Looking to Share Emotional Burdens with a Friend? Before Sharing, Let’s Seek Consent

Consent matters.

That two-word phrase is used often these days when sexual consent is discussed. Those two words are right: consent matters, when it comes to sexual consent.

However, when you are hoping to possibly vent about a bad day at work or share something emotional or burdensome with something else, it’s also important to seek consent for doing that with the person you’re hoping to discuss with/vent to. In other words, another form of consent, that I call emotional consent, is important.

Emotional consent is when you seek someone else’s permission to tell them something(s) involving deep emotions or burdens. Through exercising this form of consent, you can share emotional, burdensome things only when the listener is physically, mentally, and emotionally able to handle it.

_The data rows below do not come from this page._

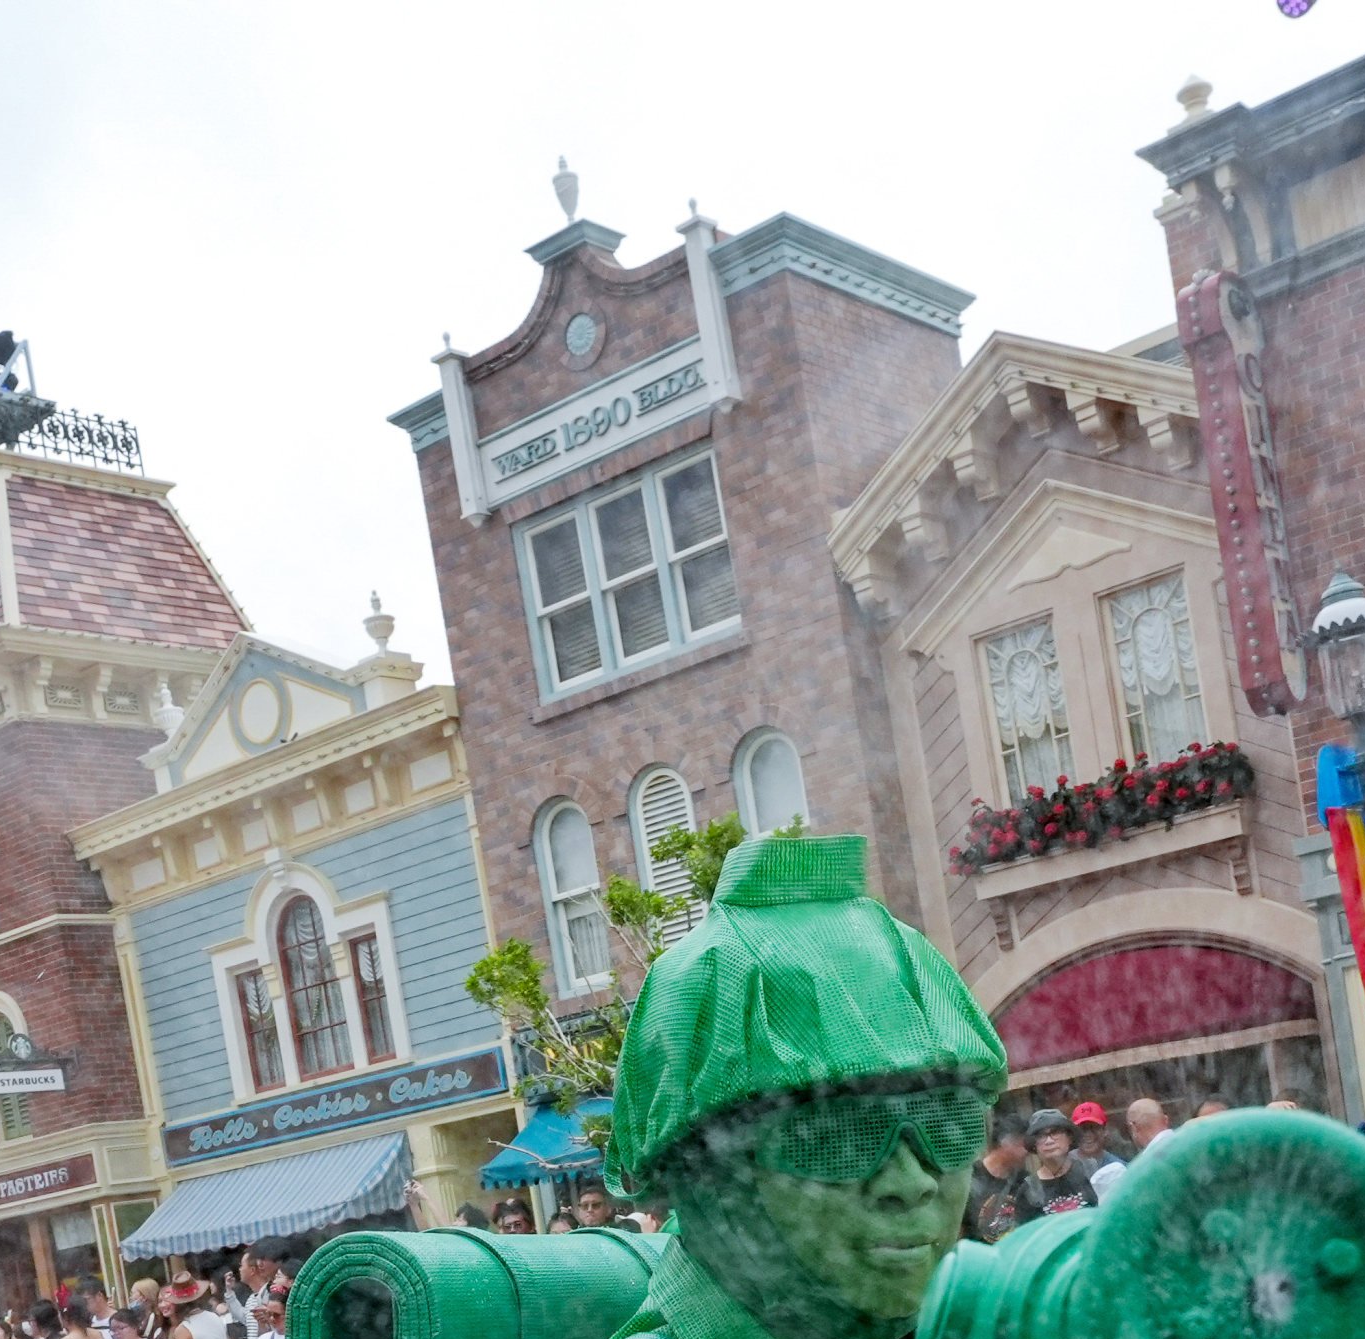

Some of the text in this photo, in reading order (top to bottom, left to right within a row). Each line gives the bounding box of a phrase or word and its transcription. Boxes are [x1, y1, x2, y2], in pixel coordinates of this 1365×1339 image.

[493, 434, 558, 476] WARD
[559, 396, 632, 452] 1890
[0, 1075, 56, 1087] STARBUCKS
[188, 1068, 473, 1152] Rolls Cookies Cakes
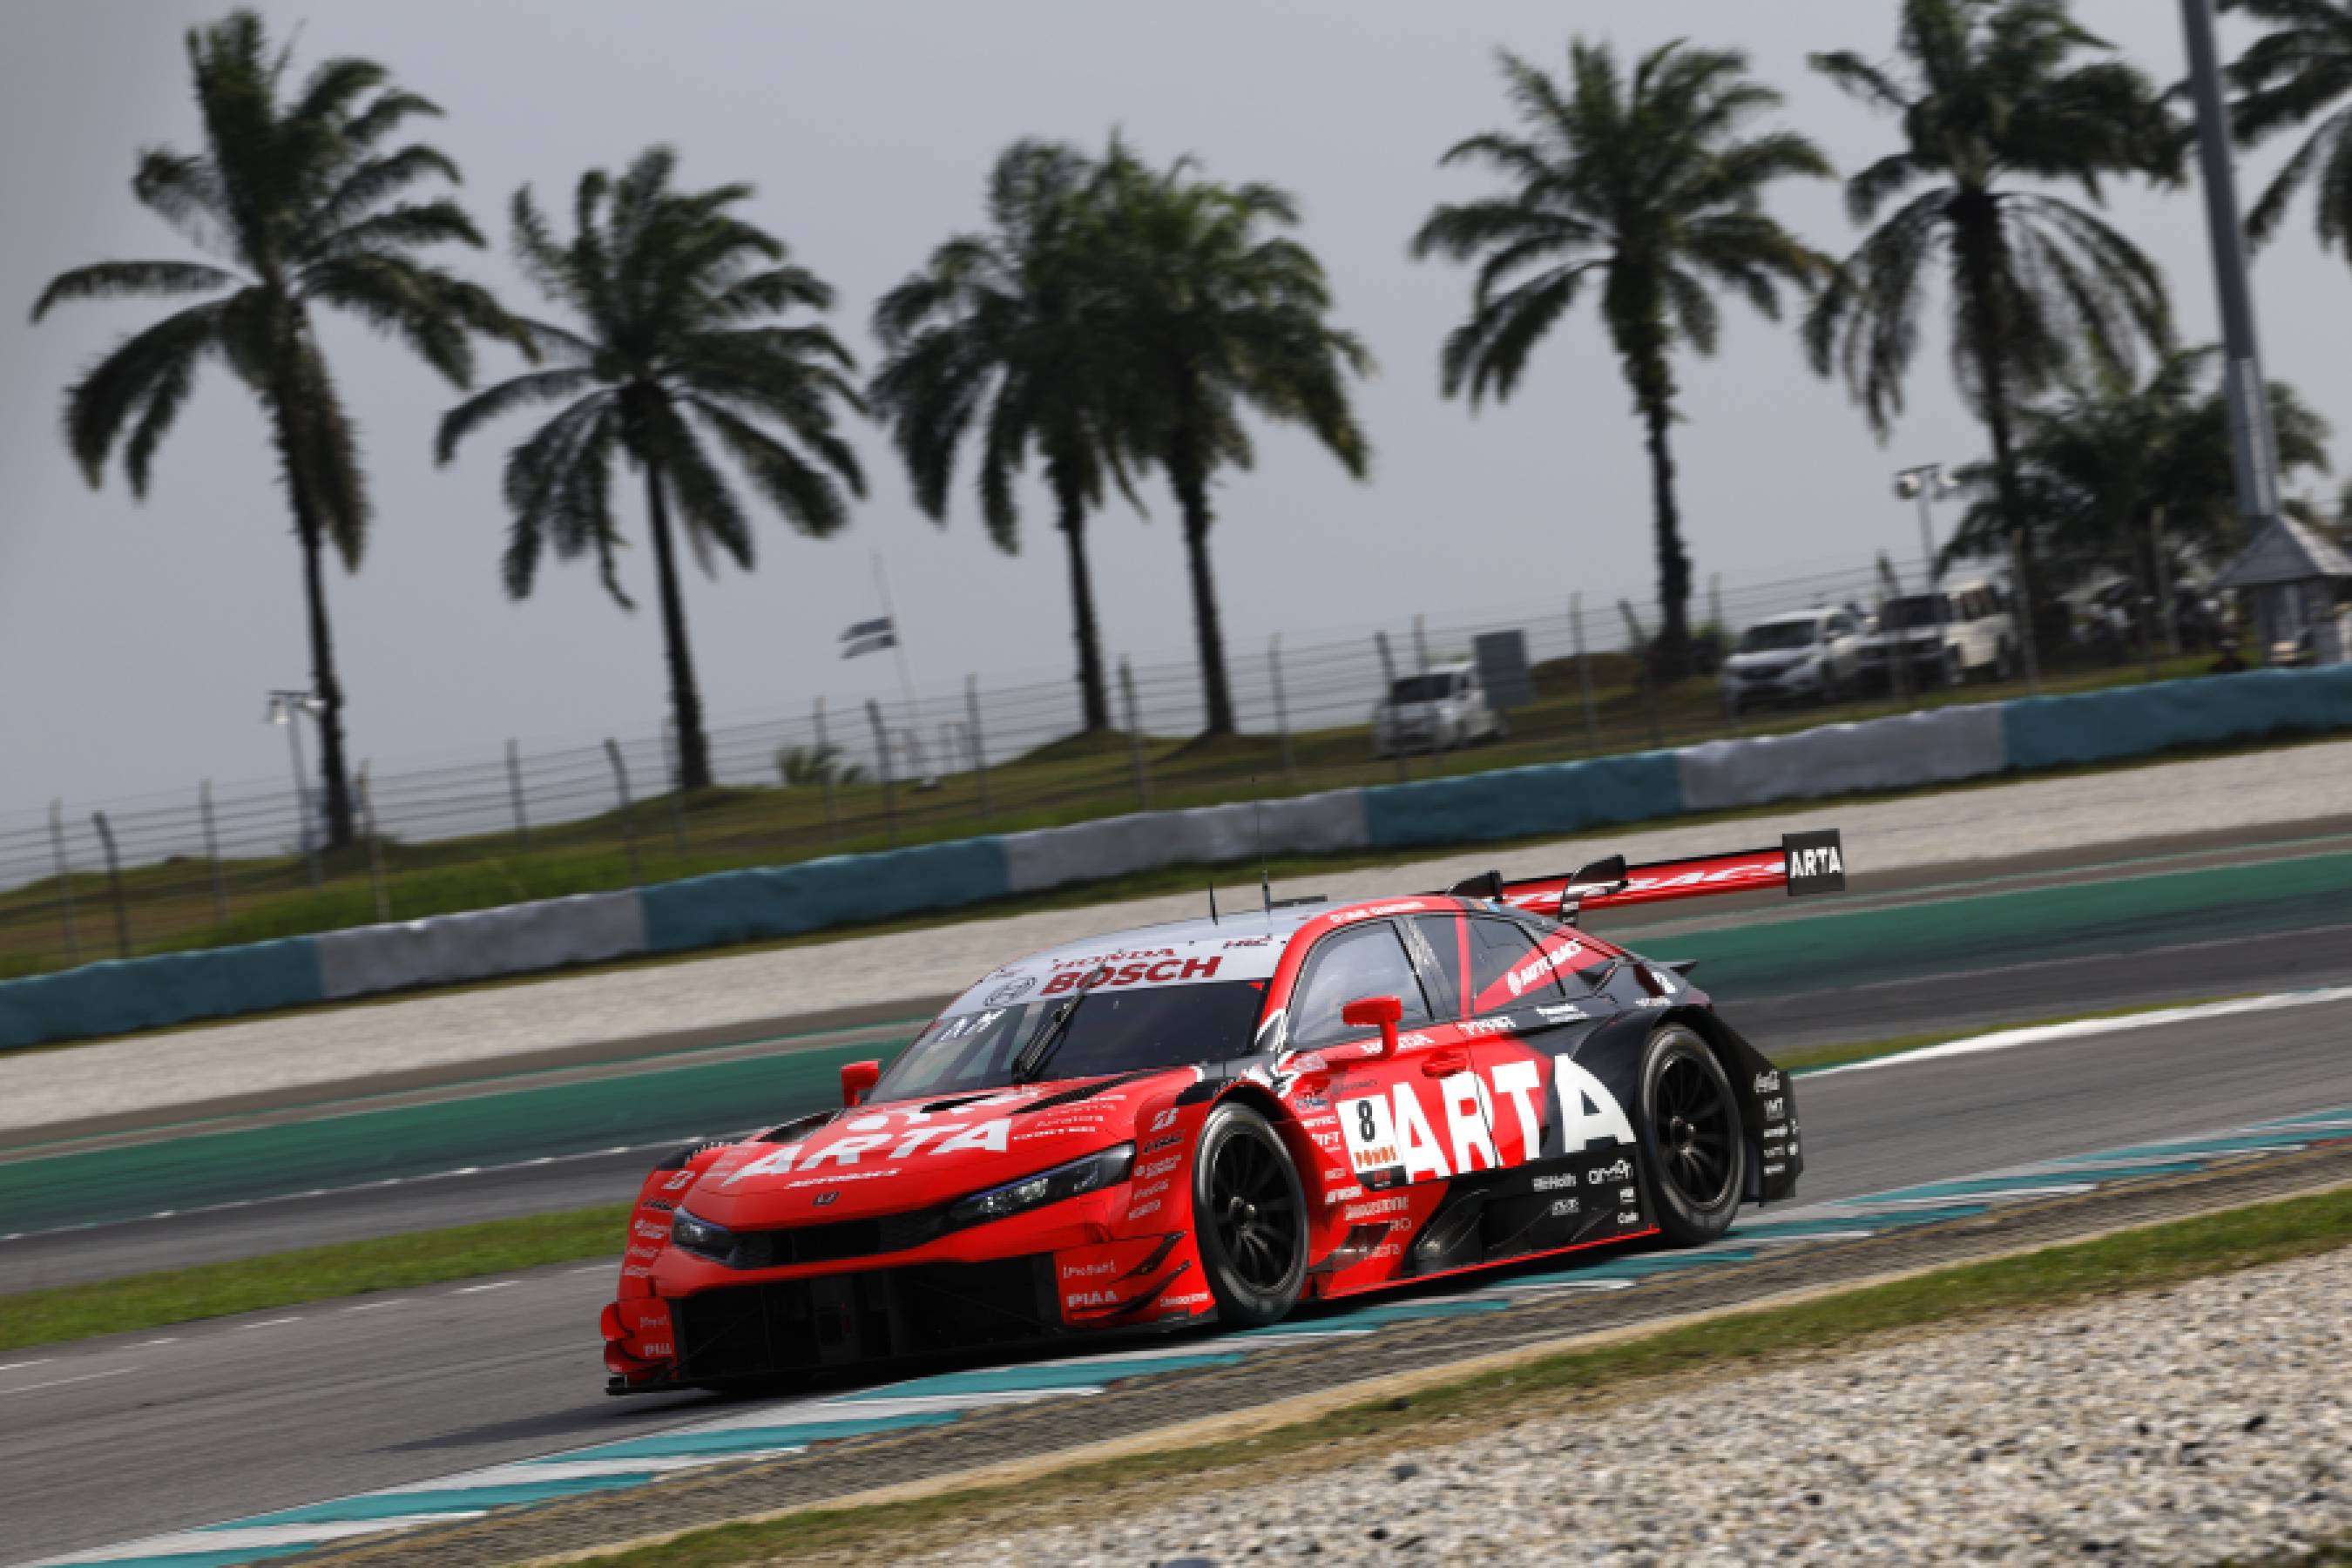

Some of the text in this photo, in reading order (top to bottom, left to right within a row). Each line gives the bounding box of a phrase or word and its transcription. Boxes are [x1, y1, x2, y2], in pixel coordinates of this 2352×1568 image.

[1791, 846, 1843, 879] ARTA
[1040, 955, 1222, 996] BOSCH
[1355, 1099, 1376, 1143] 8
[1391, 1052, 1638, 1184] ARTA
[720, 1119, 1011, 1187] ARTA
[1067, 1289, 1118, 1308] PIAA

At this point, some of you might be thinking this: “Okay, emotional consent sounds great, but how can I exercise this?” I have three answers to that question:

  1. Ask yourself whether your friend will need to invest something significant in order to help you (whether it be time, emotional labor, or something else). If the answer is “yes,” I recommend seeking consent before sharing your burdens. If the answer is no, then chat away with your friend!
  2. Ask your friends questions along the lines of: “Can I share something heavy?” or “Can I vent about something?” if it turns out your friend does need to invest in you in some way. By asking these types of questions before moving a conversation further along, you give your friend the opportunity to say “yes” or “no,” depending on how your friend is doing. If your friend is happy to let you share, then you can share. HOWEVER, if there is an absence of an enthusiastic “yes,” ranging from “ummm…okay,” to “I guess,” to no response at all, to the straight-up “no,” then please do not think that you have emotional consent to share your burdens with your friend.
  3. If you’re going to talk about a specific type of issue or event that may bring emotions with someone (examples include sexual assault, divorce, and mental illness), make sure you give the content warning that your sharing will involve something with that specific topic. It’s important to do that because, without a content warning, you might jump right into an issue or story that reminds your friend of a traumatic event or set of events in their lives (and friends, of course, don’t want to put other friends in that type of situation).
  4. Make it clear that it’s okay if your friend does not want you to share the burden. A friend might worry that it would negatively affect the friendship if the friend is unable or unwilling to give emotional consent. However, if you reassure your friend that there is no such thing as a bad answer, even if your friend says “no,” then your friend doesn’t feel the need to listen to burdens without being emotionally ready for them.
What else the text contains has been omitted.